▶ Task description
The records beneath should be printed exactly, and the pictures are to be left out.

(Saved entries)
═══

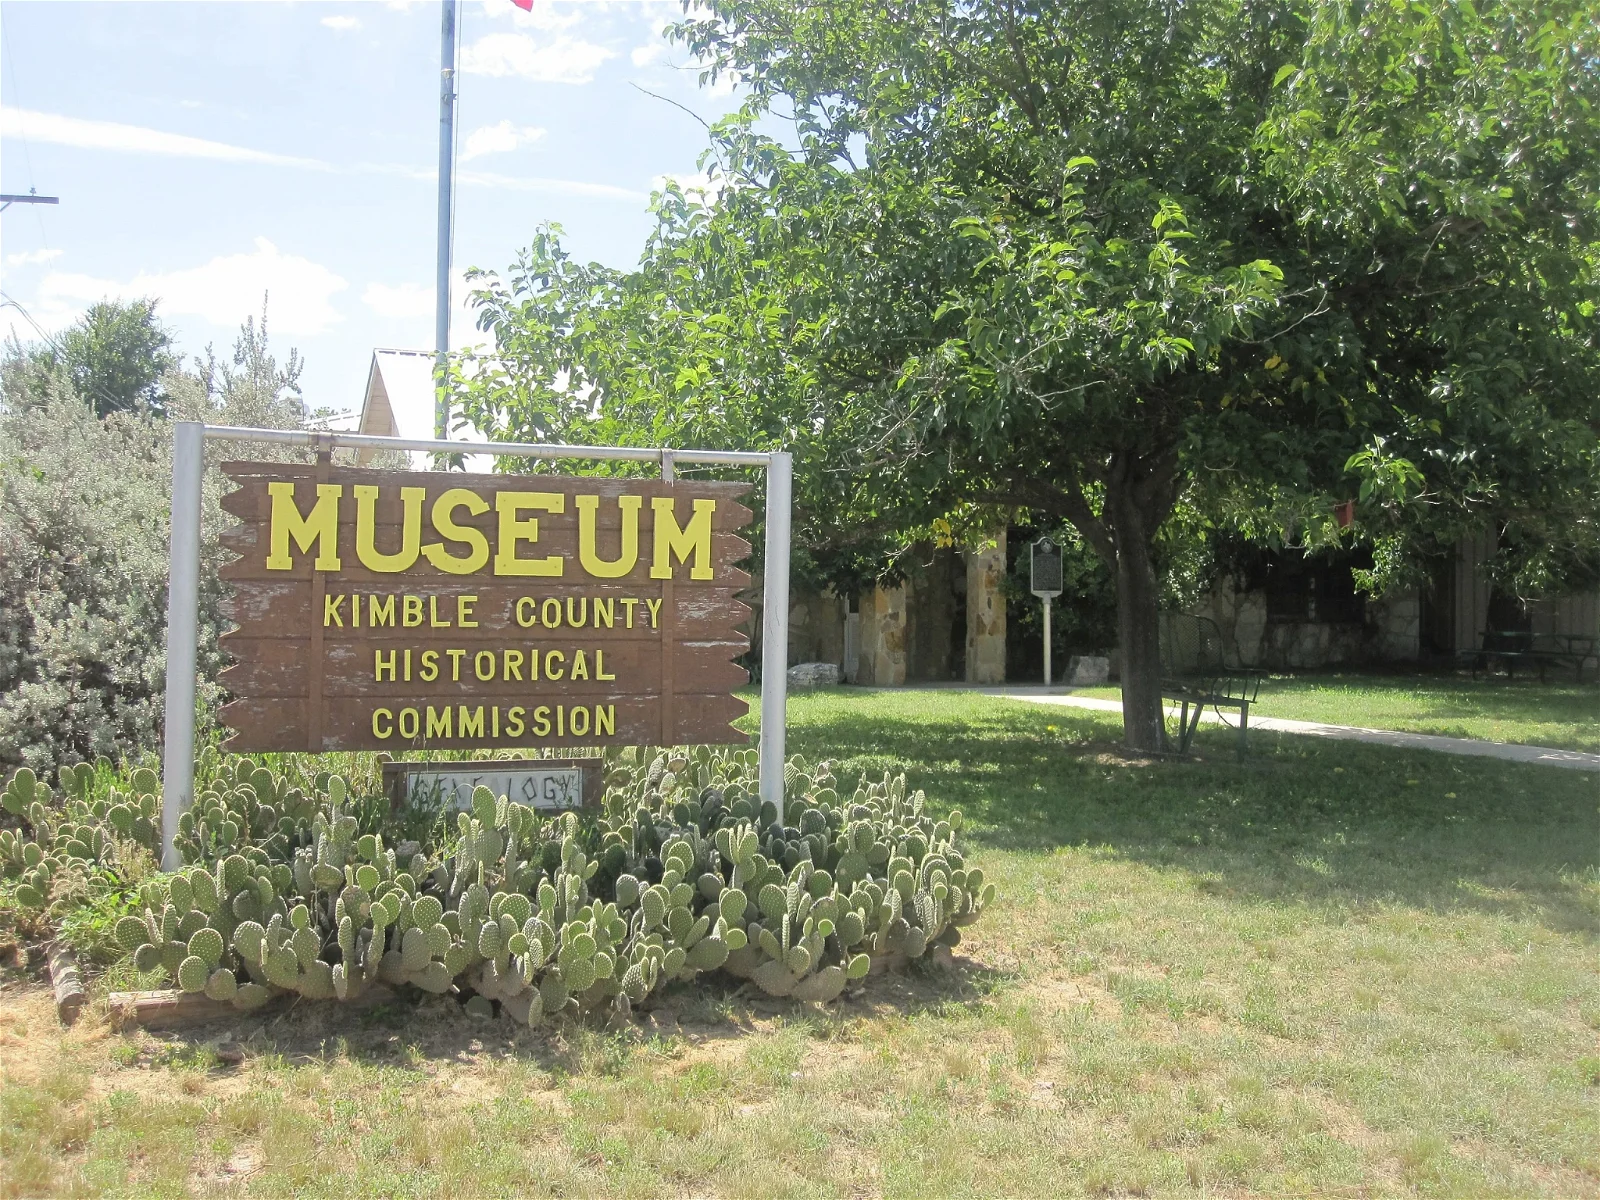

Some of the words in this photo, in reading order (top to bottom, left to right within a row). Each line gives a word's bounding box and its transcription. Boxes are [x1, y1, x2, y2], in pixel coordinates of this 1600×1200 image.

[266, 482, 716, 580] MUSEUM
[323, 594, 479, 627] KIMBLE
[516, 596, 663, 629] COUNTY
[374, 649, 616, 682] HISTORICAL
[371, 704, 616, 739] COMMISSION
[417, 775, 574, 804] GENLOGY
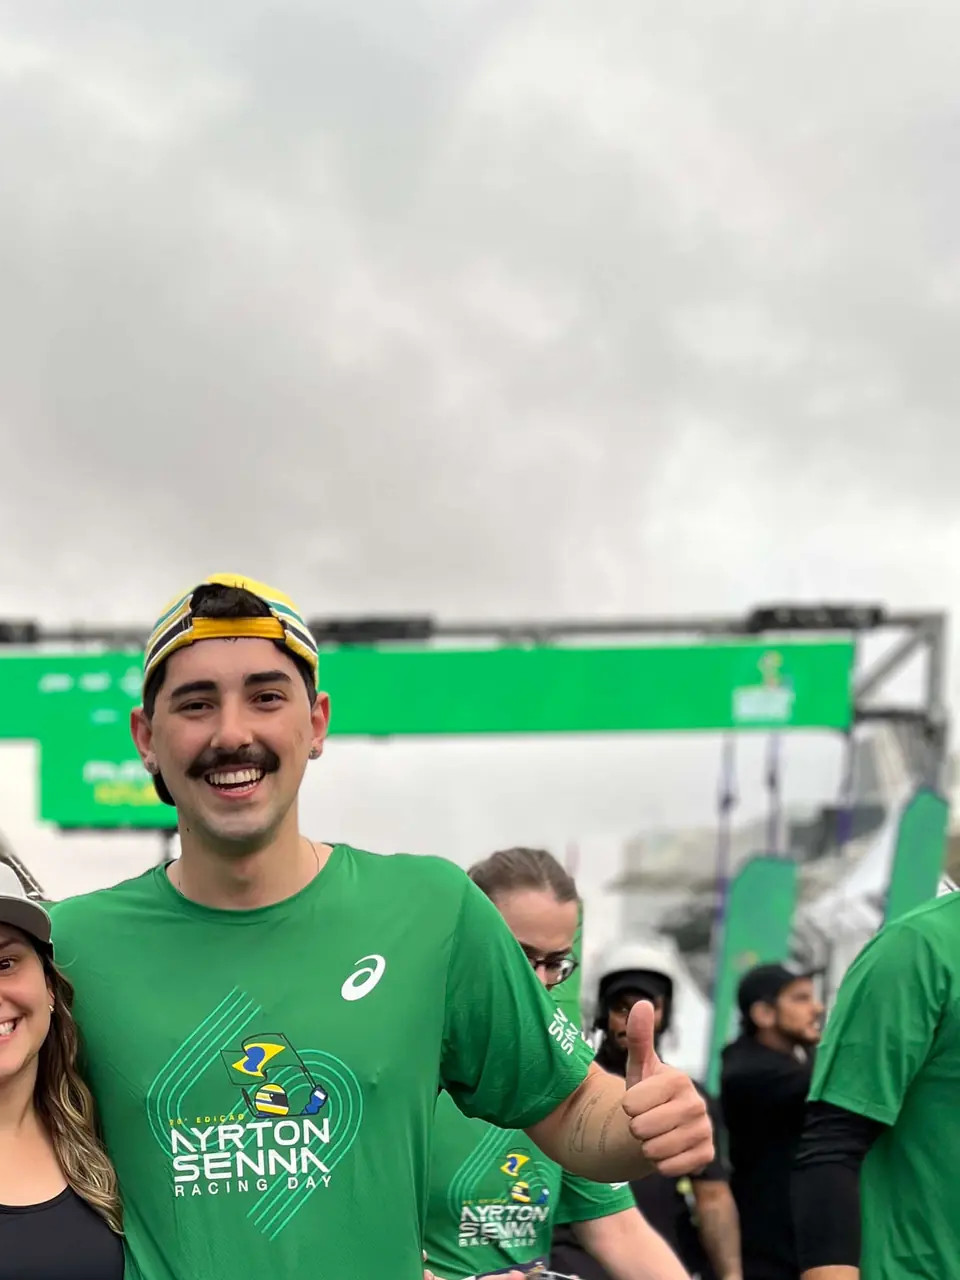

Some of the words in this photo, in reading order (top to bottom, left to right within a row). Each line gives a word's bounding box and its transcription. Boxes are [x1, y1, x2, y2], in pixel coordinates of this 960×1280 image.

[170, 1117, 330, 1154] AYRTON
[173, 1147, 330, 1183] SENNA
[175, 1178, 268, 1197] RACING
[287, 1175, 333, 1190] DAY
[460, 1204, 550, 1222] AYRTON
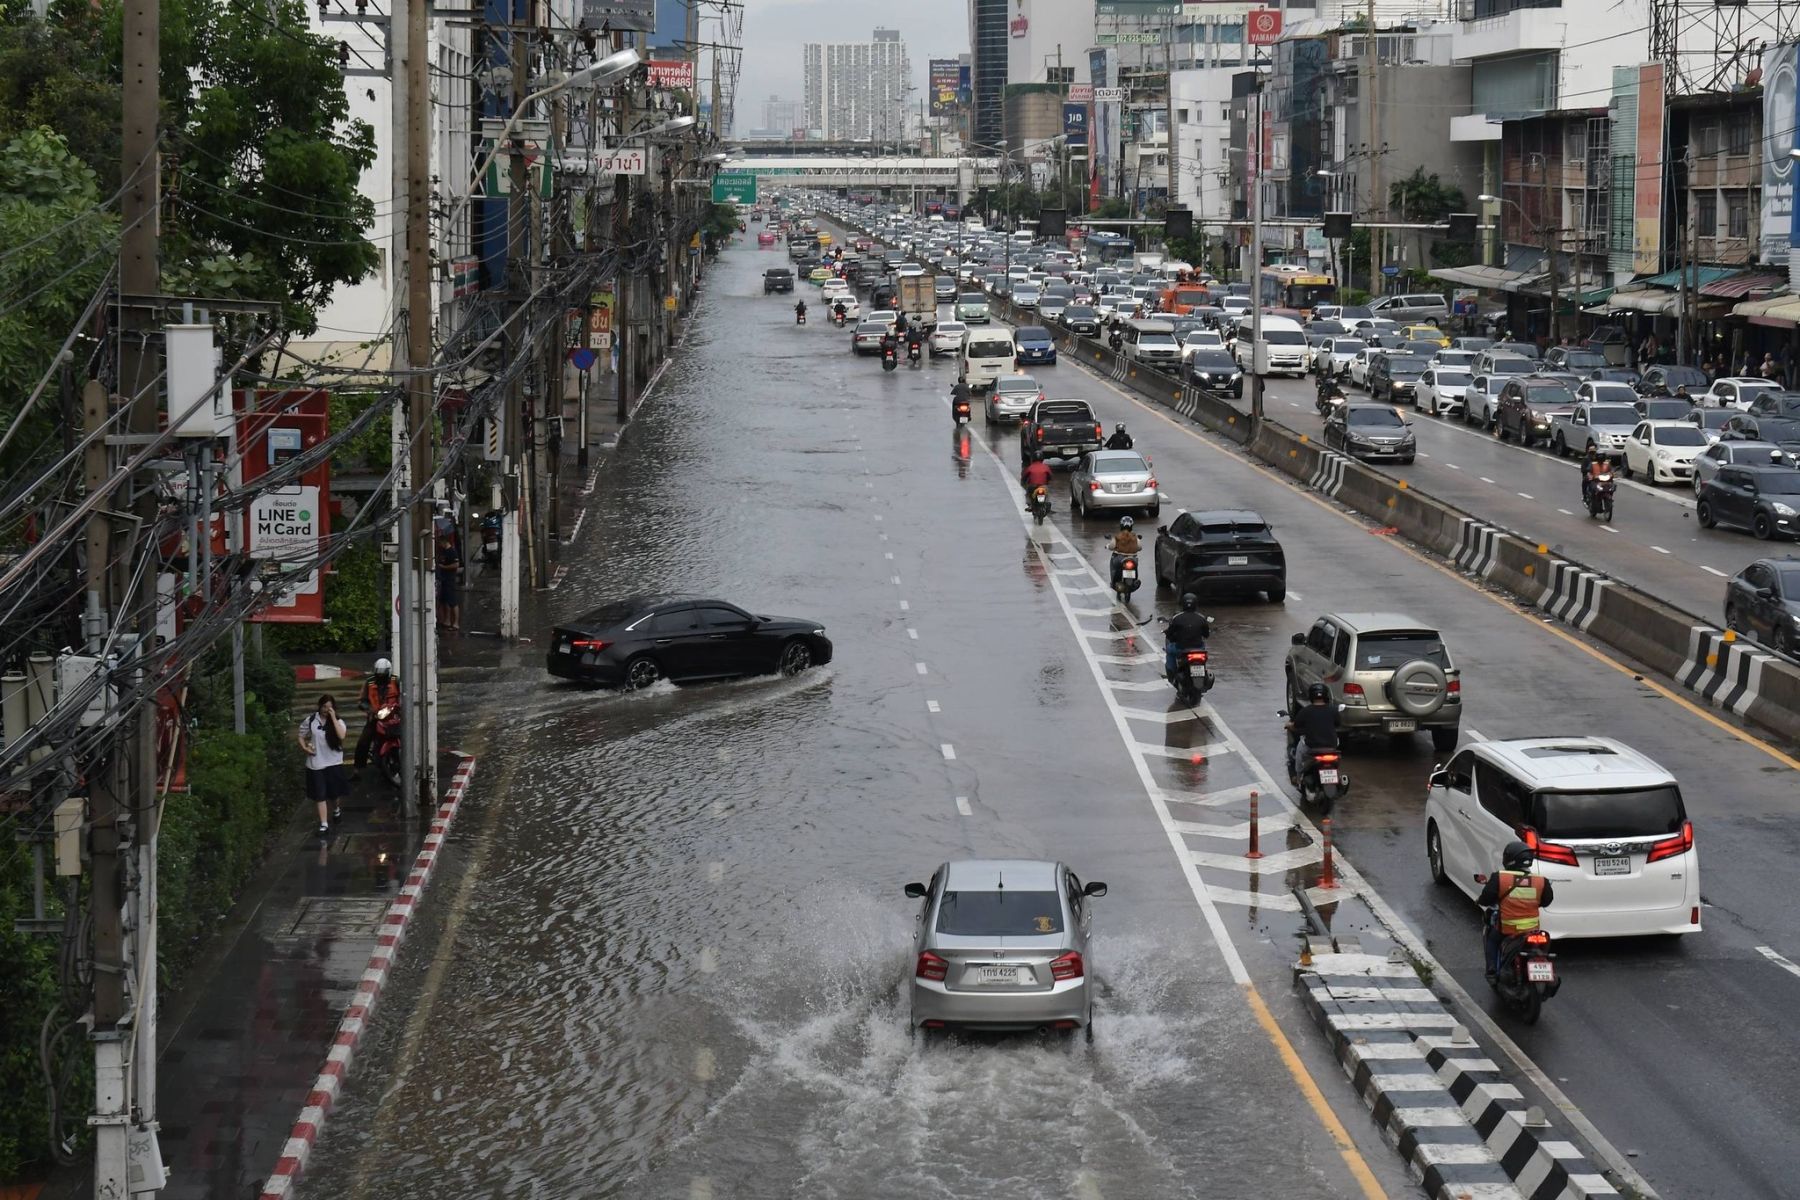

═══

▶ Response area
Some of the words in this photo, in reading order (top to bottom, left to right within a row). Each line gives a word's bounding box and its transcription. Boxes are [x1, y1, x2, y2], in pixel coordinates of this 1600×1200 image.

[266, 482, 716, 580] MUSEUM
[323, 594, 479, 627] KIMBLE
[516, 596, 663, 629] COUNTY
[374, 649, 616, 682] HISTORICAL
[371, 704, 616, 739] COMMISSION
[417, 775, 574, 804] GENLOGY

Some of the words in this photo, in reading order (top to bottom, left to right within a row). Each line gives a word's bounding box and its transcription. Boxes are [x1, y1, x2, y2], in pixel coordinates of this 960×1280 image.

[170, 1117, 330, 1154] AYRTON
[173, 1147, 330, 1183] SENNA
[175, 1178, 268, 1197] RACING
[287, 1175, 333, 1190] DAY
[460, 1204, 550, 1222] AYRTON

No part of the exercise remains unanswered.